>Alessandro Alibrandi (12 June 1960 – 5 December 1981) was an Italian neofascist terrorist who was active in the organization Nuclei Armati Rivoluzionari (Armed Revolutionary Nuclei). He was killed during a firefight with the police in Rome.
>Alibrandi became active in the neofascist party Movimento Sociale Italiano or MSI (Italian Social Movement) from an early age, first in its Fronte della Gioventù (Youth Front). Nicknamed "Ali Baba" by his comrades, he quickly gravitated towards armed action. Joining him were several schoolmates and friends, most notably Valerio "Giusva" Fioravanti, Massimo Carminati, and Franco Anselmi, all of whom were all equally frustrated with what they perceived to be apathy on the part of MSI in the face of "communist aggression"
>On 30 September 1977, a group of MSI activists ran out of the party offices at Medaglie d'Oro to chase after people who were outside distributing anti-fascist leaflets. According to a subsequent testimony in 1981 by convicted neofascist terrorist and police informant Cristiano Fioravanti, he and Alibrandi, who were among the MSI militants, gave chase to twenty-year-old student Walter Rossi and killed him with a 9mm pistol.
>In late 1977, Alibrandi, the Fioravanti brothers, Carminati, Anselmi, Francesca Mambro, Dario Pedretti, Luigi Aronica, and other far-right militants, most of them former MSI members, formed the group Nuclei Armati Rivoluzionari (Armed Revolutionary Nuclei)

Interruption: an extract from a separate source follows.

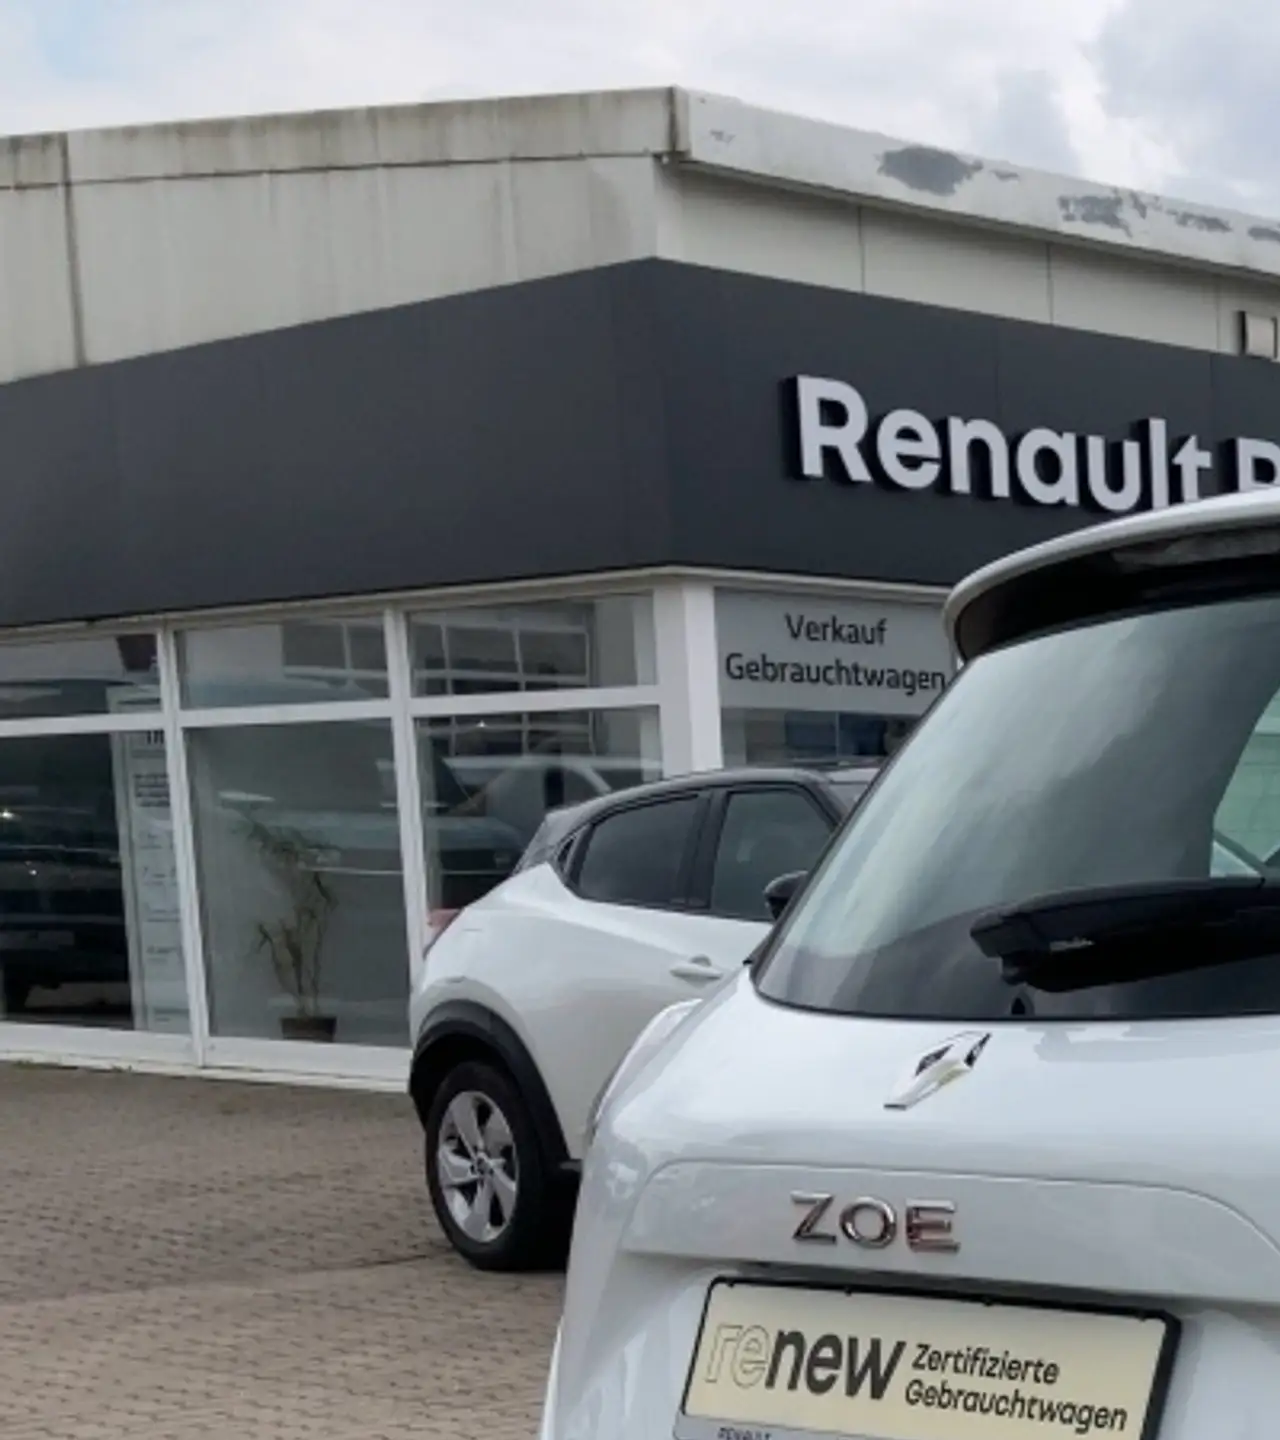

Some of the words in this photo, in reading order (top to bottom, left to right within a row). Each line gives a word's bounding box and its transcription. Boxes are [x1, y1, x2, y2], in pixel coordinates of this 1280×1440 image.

>On 28 February 1978, the third anniversary of the death of Mikis Mantakas, a Greek student and member of MSI's student front who was murdered by left-wingers, Alibrandi along with other NAR members, reached Piazza Don Bosco, near the Cinecittà district, where they ambushed a small group of young communist militants and killed leftist Roberto Scialabba.
>The law enforcement authorities were closing in on Alibrandi and his comrades, so he left the country in 1981 and enlisted in the Maronite militia of the Phalange, during the Lebanese Civil War
>Following the arrests of the Fioravanti brothers and others, he returned to Italy in June 1981[11] to "form the new NAR."[12] The next target was DIGOS officer Francesco Straullu who was being accused in far-right media of "torturing" neofascists caught by the police. Straullu and officer Ciriaco Di Roma were driving in their car through the Acilia frazione, on 21 October 1981, when they were ambushed and assassinated by Alibrandi and other NAR members.[13]
>On the morning of 5 December 1981, Alibrandi was killed during a firefight with policemen.[14] That morning, 3 NAR militants went looking for a police patrol to disarm and take their guns. They set up on a bench near the Labaro train station, on the Via Flaminia, near Rome, when a police car passed them at slow speed Alibrandi immediately opened fire shooting at the car.
>One policeman, 21-year-old Ciro Capobianco, was hit in the lungs while inside the patrol car. He would die two days later in the hospital.[15] Another policeman got out and ran behind a corner at the train station from where he started returning fire. The third policeman, Salvatore Barbuto, ran to a nearby restaurant chased by NAR militants whose firing wounded him in the ribs. The injured policeman fired back and hit Alibrandi who fell to the ground, mortally wounded.
>Antonio and his wife had three children: Alessandro, Cristina, and Lorenzo.